Monday’s topic is Winter Weather Overview. The main weather threats in Minnesota are extreme cold temperatures, wind chill, heavy snow, and ice. We need to know and understand winter weather watches and warnings.
OUTLOOK: Winter storm conditions are possible in the next 2-5 days. Stay tuned to media for updates.
WATCH: Winter storm conditions are possible within the next 36-48 hours. Prepare now!
WARNING: Life-threatening severe winter conditions have begun or will begin within 24 hours. Act now!
ADVISORY: Winter weather conditions are expected to cause significant inconveniences and may be hazardous. If you are cautious these situations should not be life threatening.
Tuesday’s topic is Outdoor Winter Safety. When enjoying the outdoors, we need to wear layers of loose-fitting, water repellant, warm clothing. Don’t forget the hat! 40% of body heat is lost from the head. Be aware of frostbite and hypothermia. Frostbite is the freezing of the skin and extremities on the body such as nose, cheeks, ears, fingers, and toes. In very cold weather the body can lose heat faster than it can produce it, the result is hypothermia. Warning signs include confusion, shivering, difficulty speaking, and sleepiness. Remember our pets during extreme winter weather, assure they have adequate shelter and of course bring them indoors.
Wednesday’s topic is Winter Fire Safety. Many of us in Cook County use wood as an alternate heating source. Some things to remember when burning wood are; having the chimney inspected annually, burn only seasoned dry wood, assure the wood stove is properly installed, and make sure home smoke detectors are installed and working. When using portable space heaters, make sure they are in good working order and keep three feet away from combustibles. Don’t forget to make a fire escape plan.
Thursday covers Indoor Winter Safety. Carbon Monoxide also known as CO is called the “invisible killer” because it’s a colorless, odorless, poisonous gas. Install CO alarms on every level of the home and in each sleeping area. It is especially important to make sure the CO alarms are in working order. Symptoms of CO poisoning are very similar to the flu or COVID-19 to include headaches, nausea, fatigue, vomiting and disorientation.
Friday’s Topic is Winter Driving. We sometimes need to travel in winter weather here are some winter travel survival tips. Be sure to check road and weather condition before leaving. Keep your gas tank at least half full at all times. Always share your travel plans with family or friends. Stranded? It is always safer to stay with your vehicle. A winter survival kit is recommended to carry in the vehicle and should include extra winter clothing and boots, blankets, flashlight, booster cables, and a shovel. Some salt/sand or cat litter could be used for tire traction. When traveling remain on main highways when possible and always beware of snowplows.
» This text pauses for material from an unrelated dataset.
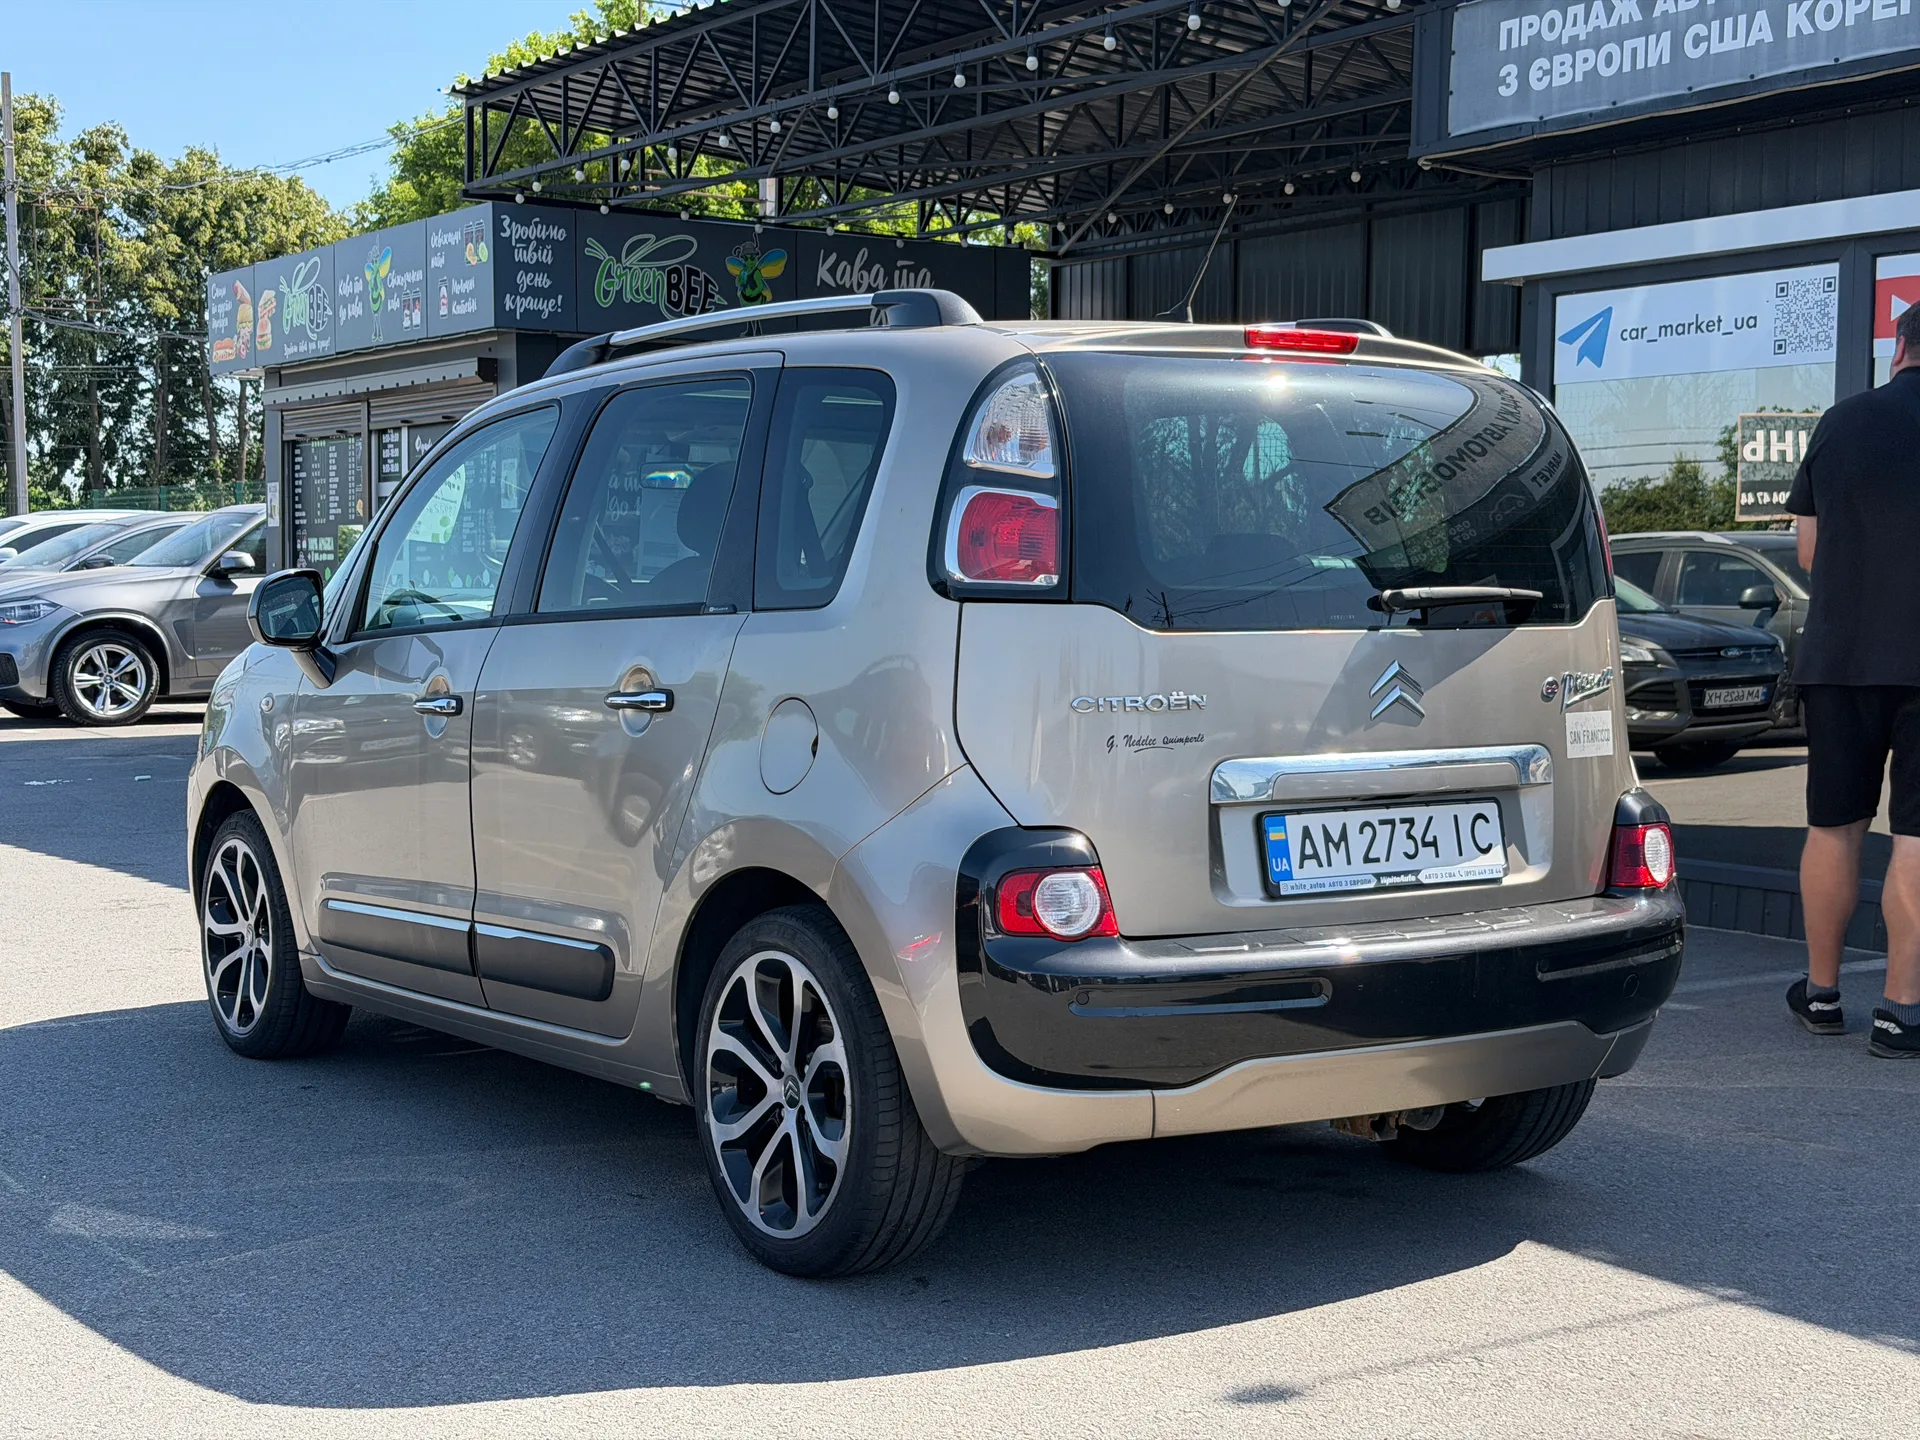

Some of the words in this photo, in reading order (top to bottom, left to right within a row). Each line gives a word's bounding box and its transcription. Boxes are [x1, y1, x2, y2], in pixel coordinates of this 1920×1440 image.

The National Weather Service has great website https://www.weather.gov/wrn/winter_safety that offers a vast resource library for parents and teachers, fun activities for children and printable publications and brochures on various winter weather related subjects.
Minnesota Homeland Security and Emergency Management offers additional information, checklists, and resources to assist in local education efforts. They encourage people, families, businesses, and organizations to use the information to review, refresh and share their winter safety knowledge. Check it out at https://dps.mn.gov/divisions/hsem/weather-awareness-preparedness/Pages/winter-hazarad-awareness-week.aspx
Enjoy our winter wonderland! Be ready, Be safe, and Be well.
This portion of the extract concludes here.